Home and Native Sound Series :: Singer-Songwriter/Alt. Rock :: August 7

HNSS-Aug7

Lucky Stabb perform in Toronto as part of the Home and Native Sound Series

The weather outside may have been frightful, but the bands at Clinton’s Tavern in Toronto on August 7th certainly were delightful.

The singer-songwriter and alt-rock showcase featured a medley of performers perfectly suited to every aspect of your summer – or, at least, what’s left of it – from picnics on sunny days, to dockside at the cottage, and loud concerts at the Amphitheatre, too.

First to take the stage in the Tavern’s back room was Shawn Clarke and the Green Hearts. The three piece ensemble, fronted by none other than Shawn Clarke himself, consists of an acoustic guitar, a bass, and an accordion; and the combination could not be a happier one.

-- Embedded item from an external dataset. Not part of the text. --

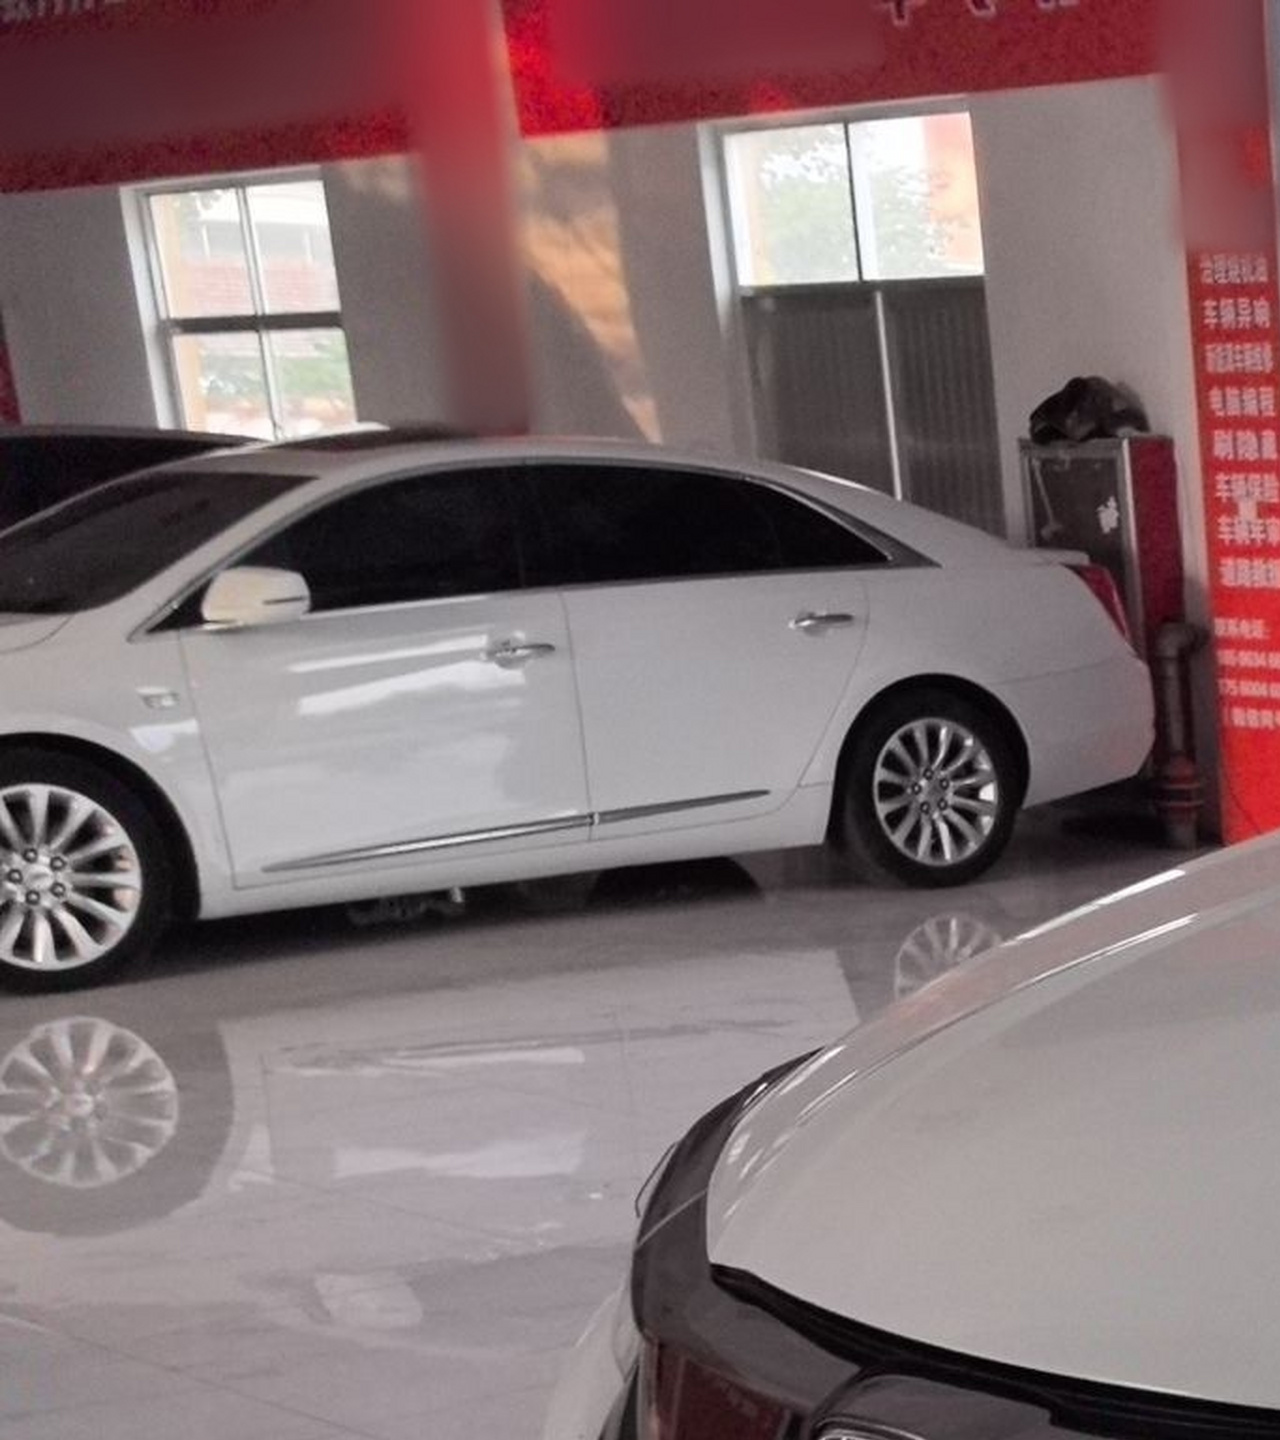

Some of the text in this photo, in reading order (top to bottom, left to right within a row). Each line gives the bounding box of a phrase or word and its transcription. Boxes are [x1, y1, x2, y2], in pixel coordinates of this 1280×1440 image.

The group’s sound is mellow, warm, and old-tymey. Their calm, relaxing set could go on forever, and that’d be okay.

Clarke plays with the same lack of urgency as in the Plain White Tees’ ‘Hey There Delilah‘, and with the passionate peace of Rufus Wainwright’s ‘Halleluljah’. At times, his vocals are reminiscent of Bob Dylan’s (the early years).

The accordionist’s ethereal backing vocals nicely compliment Clarke’s without overshadowing them, while the bassist’s lines provide a backbone strong enough to support the trio’s cute and quirky sound, tying it together and gently stringing it along.

Following Clarke’s Green Hearts cool was The Henry Taylor Band. And they’re not a country group.

The quartet has country-ish elements, like frontman Taylor’s piercing harmonica solos, or his lean, almost nasally voice, but you couldn’t quite call them country rock.

Cottage rock, on the alternate, fits quite well.

The two electric guitars offer more than enough energy to keep the audience interested as Taylor’s vocal chords take a break, while the bass smooths out any imagined kinks.

The drums offer the right level of hard-hitting back beats to progress the band’s tracks on time, the perfect amount of chiming cymbals to lift the mood – and compliment Taylor’s harmonica.

Recalling the feel-good, care-free vibe of The Travelling Wilburys (the ’80s supergroup speared by legends like Bob Dylan, George Harrison, Roy Orbison, Tom Petty and Jeff Lynne – look ’em up, kids), the harmonica is not cheesy or folksy, but adds a tint of bluegrass to the group. It doesn’t compete for the spotlight, either, but often slides subtly into centre stage.

And closing the night was Lucky Stabb. The four piece ensemble had everything a good rock show should – loud guitars, thumping bass, lots of energy and a twang of nostalgia.

The electric guitars are pitched higher and give off a ’50s era doo-wop vibe. The vocals are a throaty yell. They’re nasally, sing-song at times, until they’re grunge, and until they’re screaming. And until the guitars are loud and the drums are beating and the bass is surging in your chest.

Then, Lucky Stabb, that grunge-esque, punk-edged quadruplet, brings the energy.

They jump, run, and bounce on stage. And, like the beads of sweat dripping down their temples, Lucky Stabb’s energy slides off of them and makes the audience want to get up and move – dance, jump, bounce, and bop – along with the screaming singer, ripping guitarists and banging drummer.

Indeed, the singer-songwriter and alt-rock showcase was a hit, and yeah, you should have been there jamming with the rest of the crew at Clinton’s.